**WHAT YOU HAVE TO DO:**
The records shown below are to be repeated exactly and completely.

+++++

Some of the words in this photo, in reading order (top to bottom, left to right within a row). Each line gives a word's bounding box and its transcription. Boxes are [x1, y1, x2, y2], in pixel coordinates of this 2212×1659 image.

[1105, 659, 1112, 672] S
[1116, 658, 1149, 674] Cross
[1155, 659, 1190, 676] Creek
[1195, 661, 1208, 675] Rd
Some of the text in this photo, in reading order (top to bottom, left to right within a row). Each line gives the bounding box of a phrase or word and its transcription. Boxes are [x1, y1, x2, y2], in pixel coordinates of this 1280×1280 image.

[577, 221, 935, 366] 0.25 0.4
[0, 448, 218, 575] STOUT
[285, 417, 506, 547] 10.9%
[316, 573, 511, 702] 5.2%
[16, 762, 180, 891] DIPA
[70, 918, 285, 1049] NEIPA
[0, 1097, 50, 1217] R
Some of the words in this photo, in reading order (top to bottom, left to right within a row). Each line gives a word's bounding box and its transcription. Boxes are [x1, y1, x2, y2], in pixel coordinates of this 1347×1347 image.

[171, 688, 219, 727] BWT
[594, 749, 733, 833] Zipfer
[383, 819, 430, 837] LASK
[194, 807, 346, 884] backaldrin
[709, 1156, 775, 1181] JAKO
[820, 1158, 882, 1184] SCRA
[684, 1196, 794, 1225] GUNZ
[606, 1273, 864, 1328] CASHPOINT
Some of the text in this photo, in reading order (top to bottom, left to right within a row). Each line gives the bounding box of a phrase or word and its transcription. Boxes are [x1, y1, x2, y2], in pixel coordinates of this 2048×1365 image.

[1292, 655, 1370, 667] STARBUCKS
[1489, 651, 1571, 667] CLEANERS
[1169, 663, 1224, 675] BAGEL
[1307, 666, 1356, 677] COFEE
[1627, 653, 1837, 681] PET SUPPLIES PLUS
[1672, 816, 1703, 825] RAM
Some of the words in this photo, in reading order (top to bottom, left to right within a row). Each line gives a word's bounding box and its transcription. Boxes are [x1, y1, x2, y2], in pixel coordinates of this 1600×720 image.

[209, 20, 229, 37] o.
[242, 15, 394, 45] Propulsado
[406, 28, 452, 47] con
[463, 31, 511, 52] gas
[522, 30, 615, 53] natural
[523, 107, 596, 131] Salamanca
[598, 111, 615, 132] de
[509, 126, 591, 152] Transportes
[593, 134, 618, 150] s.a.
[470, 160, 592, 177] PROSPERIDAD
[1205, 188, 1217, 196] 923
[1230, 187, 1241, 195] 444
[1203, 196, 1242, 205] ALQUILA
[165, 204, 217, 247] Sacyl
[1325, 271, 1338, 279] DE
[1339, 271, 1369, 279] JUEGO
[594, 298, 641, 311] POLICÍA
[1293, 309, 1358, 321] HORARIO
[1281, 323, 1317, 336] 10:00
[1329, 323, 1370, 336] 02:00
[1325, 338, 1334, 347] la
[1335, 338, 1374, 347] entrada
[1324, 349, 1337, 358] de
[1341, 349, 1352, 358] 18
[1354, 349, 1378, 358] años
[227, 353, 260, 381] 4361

+++++

**WRITTEN ANSWER:**
Some of the words in this photo, in reading order (top to bottom, left to right within a row). Each line gives a word's bounding box and its transcription. Boxes are [x1, y1, x2, y2], in pixel coordinates of this 2212×1659 image.

[1105, 659, 1112, 672] S
[1116, 658, 1149, 674] Cross
[1155, 659, 1190, 676] Creek
[1195, 661, 1208, 675] Rd
Some of the text in this photo, in reading order (top to bottom, left to right within a row). Each line gives the bounding box of a phrase or word and its transcription. Boxes are [x1, y1, x2, y2], in pixel coordinates of this 1280×1280 image.

[577, 221, 935, 366] 0.25 0.4
[0, 448, 218, 575] STOUT
[285, 417, 506, 547] 10.9%
[316, 573, 511, 702] 5.2%
[16, 762, 180, 891] DIPA
[70, 918, 285, 1049] NEIPA
[0, 1097, 50, 1217] R
Some of the words in this photo, in reading order (top to bottom, left to right within a row). Each line gives a word's bounding box and its transcription. Boxes are [x1, y1, x2, y2], in pixel coordinates of this 1347×1347 image.

[171, 688, 219, 727] BWT
[594, 749, 733, 833] Zipfer
[383, 819, 430, 837] LASK
[194, 807, 346, 884] backaldrin
[709, 1156, 775, 1181] JAKO
[820, 1158, 882, 1184] SCRA
[684, 1196, 794, 1225] GUNZ
[606, 1273, 864, 1328] CASHPOINT
Some of the text in this photo, in reading order (top to bottom, left to right within a row). Each line gives the bounding box of a phrase or word and its transcription. Boxes are [x1, y1, x2, y2], in pixel coordinates of this 2048×1365 image.

[1292, 655, 1370, 667] STARBUCKS
[1489, 651, 1571, 667] CLEANERS
[1169, 663, 1224, 675] BAGEL
[1307, 666, 1356, 677] COFEE
[1627, 653, 1837, 681] PET SUPPLIES PLUS
[1672, 816, 1703, 825] RAM
Some of the words in this photo, in reading order (top to bottom, left to right within a row). Each line gives a word's bounding box and its transcription. Boxes are [x1, y1, x2, y2], in pixel coordinates of this 1600×720 image.

[209, 20, 229, 37] o.
[242, 15, 394, 45] Propulsado
[406, 28, 452, 47] con
[463, 31, 511, 52] gas
[522, 30, 615, 53] natural
[523, 107, 596, 131] Salamanca
[598, 111, 615, 132] de
[509, 126, 591, 152] Transportes
[593, 134, 618, 150] s.a.
[470, 160, 592, 177] PROSPERIDAD
[1205, 188, 1217, 196] 923
[1230, 187, 1241, 195] 444
[1203, 196, 1242, 205] ALQUILA
[165, 204, 217, 247] Sacyl
[1325, 271, 1338, 279] DE
[1339, 271, 1369, 279] JUEGO
[594, 298, 641, 311] POLICÍA
[1293, 309, 1358, 321] HORARIO
[1281, 323, 1317, 336] 10:00
[1329, 323, 1370, 336] 02:00
[1325, 338, 1334, 347] la
[1335, 338, 1374, 347] entrada
[1324, 349, 1337, 358] de
[1341, 349, 1352, 358] 18
[1354, 349, 1378, 358] años
[227, 353, 260, 381] 4361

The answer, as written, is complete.